When you say "The more new humans an AI tolerates, the higher its chances of failure", what exactly does "failure" mean?
Or, more pointedly, would causing human extinction qualify as "failure" of an AI?
In this post I hope to demonstrate that anyone that is able to create a superinteligent AI has the moral obligation to desing it to be Antinatalist. Failure to do so would substantially increase the probability of human extinction.
To the Garden of Eden
In his book Anthropic Bias, Nick Bostrom argues that the Selfs-Sampling Assumpution (SSA) is true. the SSA states that you should assume you are a random member of your reference class throughout space and time (in our case human beings). For this post we are only interested in the temporal aspect of the anthropic bias. That is to say: Whether we are to order all humans along a line, from Adam and Eve, all the way to the Last Man. where in that line (percent wise) should you expect yourself to be? If we assume the SSA to be true; you should say you have a 1% to be among the first 1%, a 10% to be among the last 10%, a 50% percent chance to be among the middle 50%, etc. This conclusion seems benign, but has some unusual consequences. Such as for example in the fable of Serpent’s Advice:
To the Labs of Eden
Why am I telling you all of this? Because in reality we are Adam and Eve.
Consider Sydney, future AI researcher. Sydney has developed a superintelligent AI. If its alignment scheme works it will create a future full of joy and happiness, resulting in the long and happy life of a quintillion human beings, making use of Dyson SwarmTechnology. If it does not work, everyone will instantly die. Luckily Sydney is pretty confident about this scheme, giving it a 99% chance of succeeding.
Seems like pretty good odds? Sure, there is a small risk that you end the human species. But you can't make an omelet without breaking a few eggs.
However: Just as Sydney reaches for the "on" button, the Serpent crawls into the window, saying: "“Pssst! If you turn the machine on, then either the AI's alignment scheme will work or it won’t. If it does, you will have been among the 100 billion out of a quintillion of people. Your conditional probability of having such early positions in the human species given this hypothesis is extremely small. If, on the other hand, the AI isn't aligned properly then the conditional probability, given this, of you being among the first 100 billion is equal to one. By Bayes’s theorem, the chance that the scheme works is one in 100 thousand. Therefore, my dear friend, do not indulge your desires worry not about the consequences!”
The maths checks out. Sydney should not activate the AI. Any objections
Ok sure, there is now an incredible low chance that that AI will succeed. But if it does, it will bring happiness to a much larger number of people.
Yes, but here you are presupposing that Utility scales linearly with population. Is a world with twice the amount of people in it twice as good? Would you flip a coin such that humanity ends if it lands heads, but a copy of the earth and all its people appears if it lands tails?
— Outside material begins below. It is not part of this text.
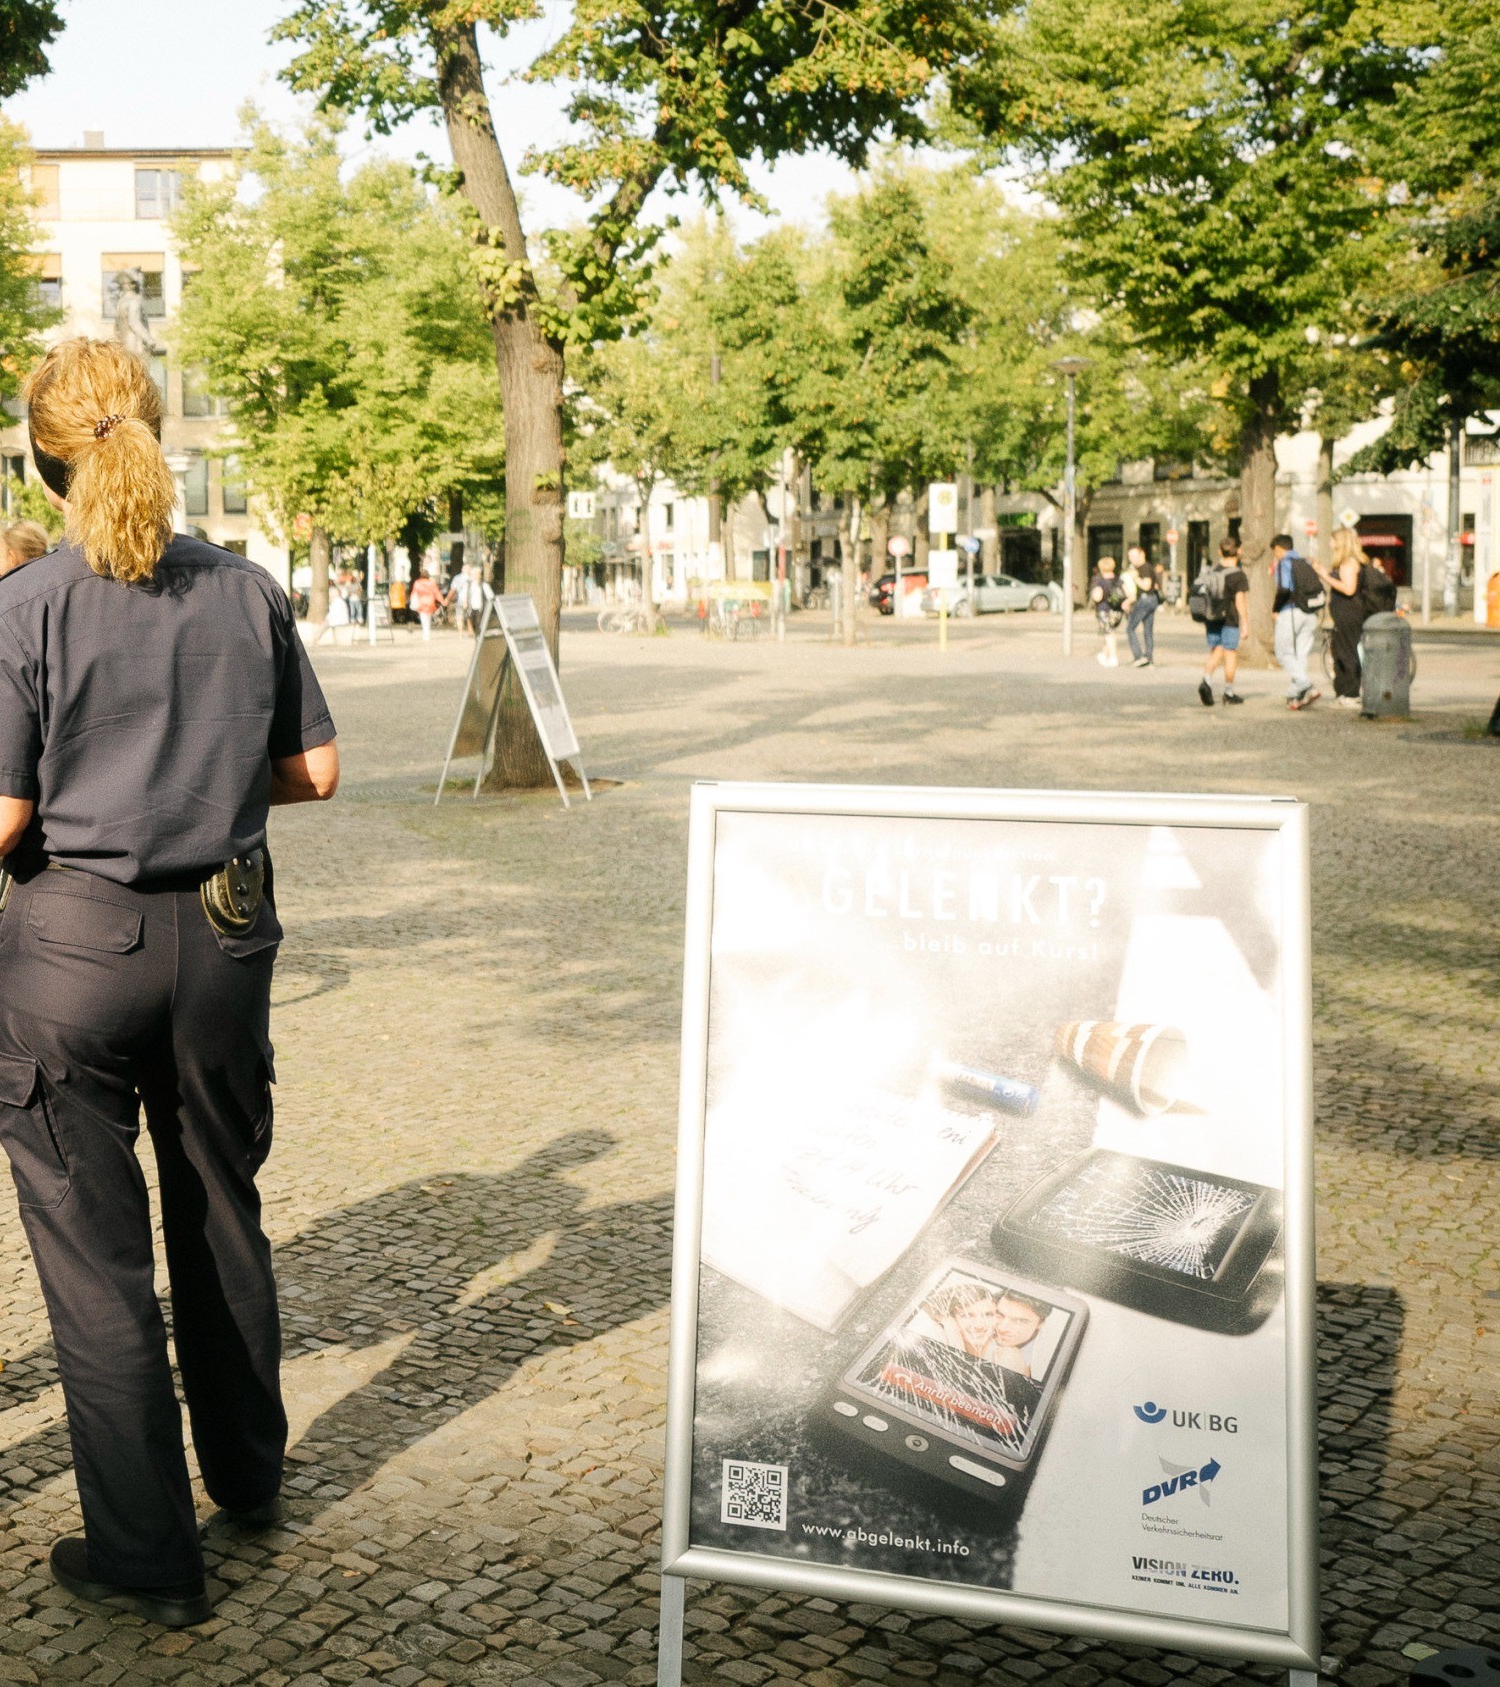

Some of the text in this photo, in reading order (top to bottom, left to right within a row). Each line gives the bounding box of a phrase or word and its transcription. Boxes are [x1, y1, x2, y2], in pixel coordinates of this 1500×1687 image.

Moreover, Sydney wants to not die herself, that alone is enough to keep her finger a long distance awat from ant botton
AI development is inevitable, If she doesn't press this button someone else will press some other button.
This is true as well, but that will take some time. Even if that other person presses it the day after, that is another gained day lived from Sydney's perspective. She has no chance of long term survival to begin with. On top of that, Sydney has an even better solution.
Sydney modifies the program. It is the same as it was before, only now it also ensures that no further human beings will be created from the moment it is turned on. This change does not affect the alignment scheme, so that the chance of success ignoring anthropics is still 99%. Only now the Serpent's vile Bayesian games do not matter anymore.
This then is my case for Post-Singularity Antinatalism: The more new humans an AI tolerates, the higher its chances of failure. We do not want it to fail, so we should limit the number of new human beings the AI can tolerate.
PS: Personally I'm not precisely on board with the SSA, I find the SIA more plausible.